On receipt of responses to interrogatories, the propounding party may move for an order compelling a further response if the propounding party deems that an objection is without merit or too general or an answer is evasive or incomplete. Code of Civil Procedure, § 2030.300, subd. (a)(1)-(3). The moving party must also include reasons why further answers should be ordered: legal or factual arguments why the answers given were incomplete or nonresponsive, or the objections invalid. California Rules of Court, rule 3.1345(c).) The responding party has the burden to justify objections in response to a motion filed to compel further responses. Fairmont Ins. Co. v. Superior Court (2000) 22 Cal.4th 245, 255.

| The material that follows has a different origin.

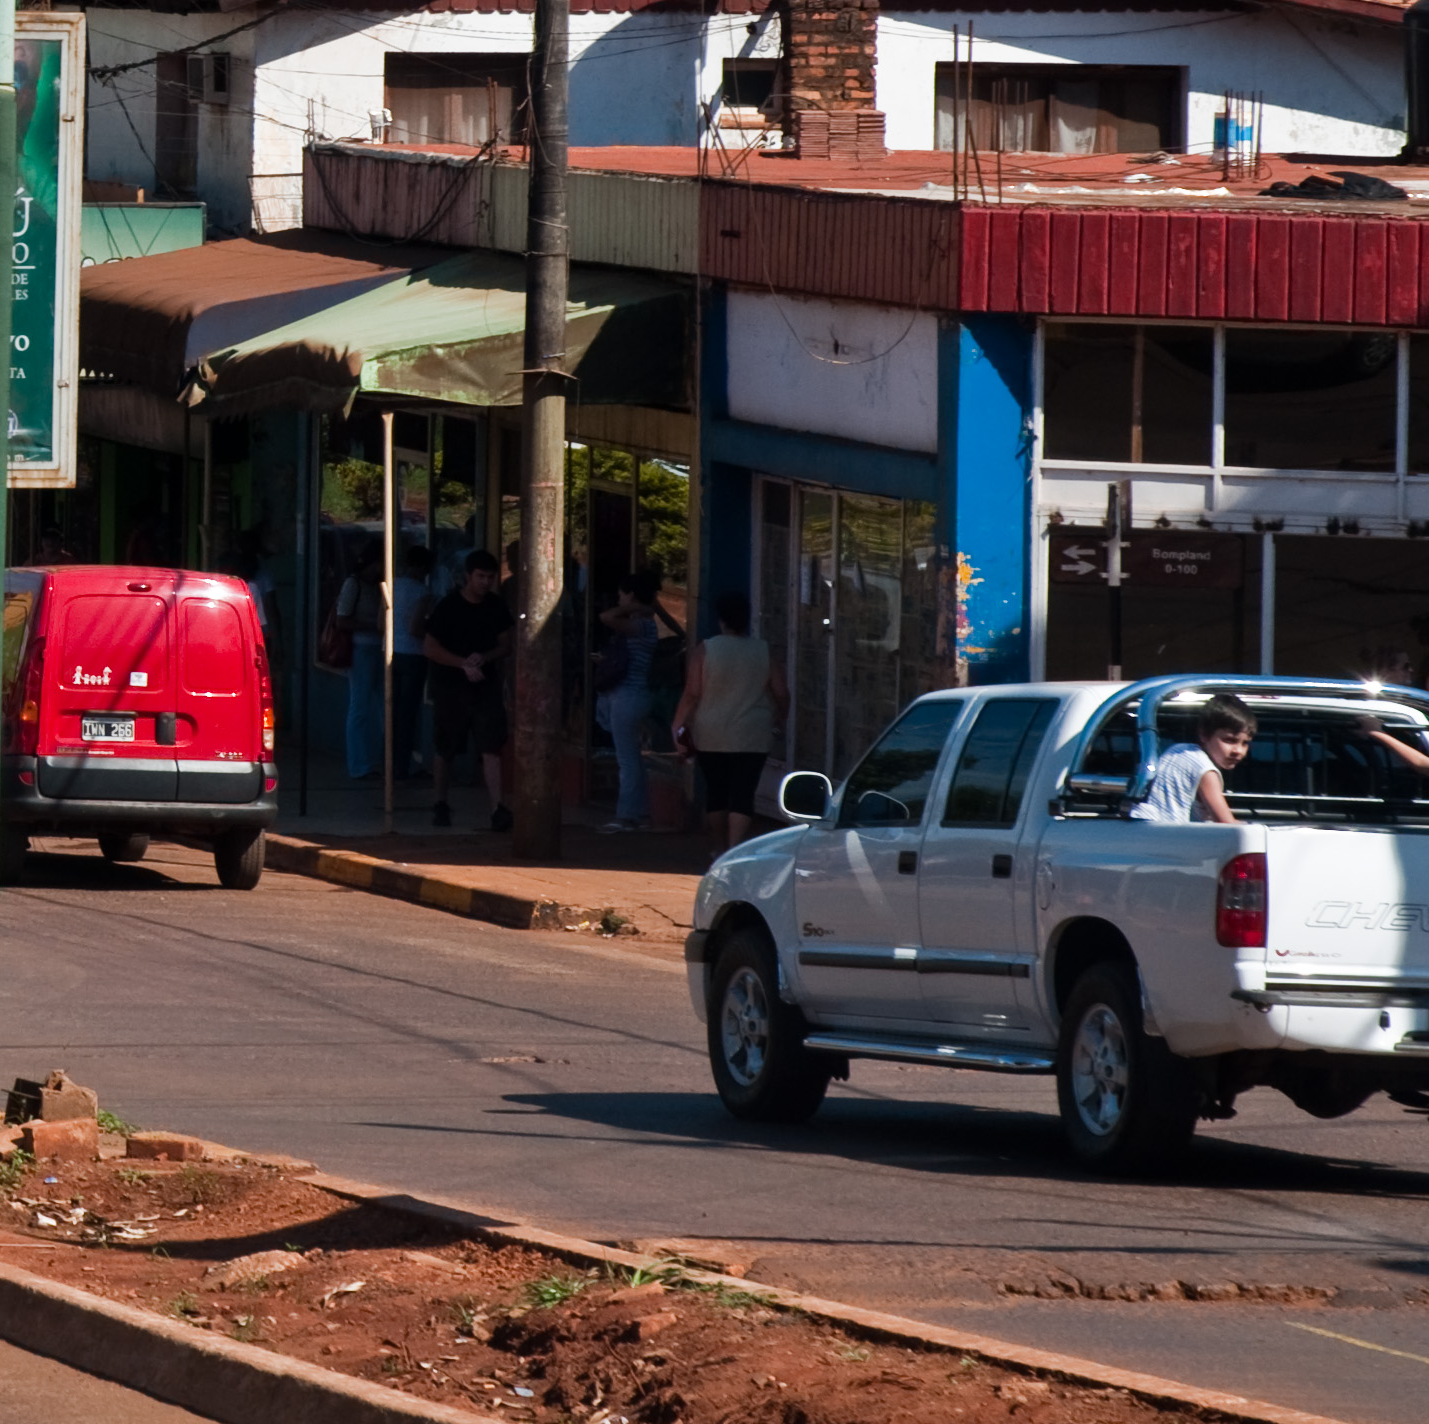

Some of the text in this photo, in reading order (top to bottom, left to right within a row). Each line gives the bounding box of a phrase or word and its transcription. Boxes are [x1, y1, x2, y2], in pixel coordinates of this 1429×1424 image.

[1152, 548, 1211, 562] Bompland
[1165, 564, 1198, 575] 0-100
[84, 723, 132, 737] IWN 266

Pursuant to Code of Civil Procedure section 2030.300, subdivision (c), a motion to compel further responses to interrogatories must be filed within 45 days of service of the verified response, or on or before any specific later date to which the demanding party and the responding party have agreed in writing, with additional time allowed for the manner of service. Code Civ. Proc., §§ 1013, subd. (a); 2030.300, subd. (c). The 45-day requirement of Code of Civil Procedure, section 2030.300, subdivision (c) is mandatory and jurisdictional in the sense that it renders the court without authority to rule on a motion to compel further responses to discovery other than to deny the motion. Sexton v. Superior Court (1997) 58 Cal.App.4th 1403, 1410.
Plaintiff moves to compel a further response to Special Interrogatories, Set Four, numbers 43, 44, 45, 47, 48 and 49. These interrogatories ask Defendant to identify whether other claims have been made to Defendant’s insurance policy for the policy period in which Defendant tendered the claim about Plaintiff to the insurance carrier. If other claims have been made, Defendant is asked to respond with further information about these claims, such as “the attorney representing each claimant who has made claim.” (see Separate Statement in Support of Motion [ROA 503], 9:18-21.)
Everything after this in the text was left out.